[[ DATA FOR THE TASK, beginning ]]
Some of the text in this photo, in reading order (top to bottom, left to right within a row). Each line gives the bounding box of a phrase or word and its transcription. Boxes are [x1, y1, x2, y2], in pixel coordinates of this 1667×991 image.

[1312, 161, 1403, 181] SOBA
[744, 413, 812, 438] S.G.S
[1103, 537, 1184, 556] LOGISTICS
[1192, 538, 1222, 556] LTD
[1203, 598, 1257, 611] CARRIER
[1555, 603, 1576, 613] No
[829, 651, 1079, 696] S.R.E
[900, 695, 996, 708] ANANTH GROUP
[[ DATA FOR THE TASK, end ]]
▸ ASSIGNMENT
The data above is to be returned exactly, with nothing altered.

▸ YOUR RESPONSE
Some of the text in this photo, in reading order (top to bottom, left to right within a row). Each line gives the bounding box of a phrase or word and its transcription. Boxes are [x1, y1, x2, y2], in pixel coordinates of this 1667×991 image.

[1312, 161, 1403, 181] SOBA
[744, 413, 812, 438] S.G.S
[1103, 537, 1184, 556] LOGISTICS
[1192, 538, 1222, 556] LTD
[1203, 598, 1257, 611] CARRIER
[1555, 603, 1576, 613] No
[829, 651, 1079, 696] S.R.E
[900, 695, 996, 708] ANANTH GROUP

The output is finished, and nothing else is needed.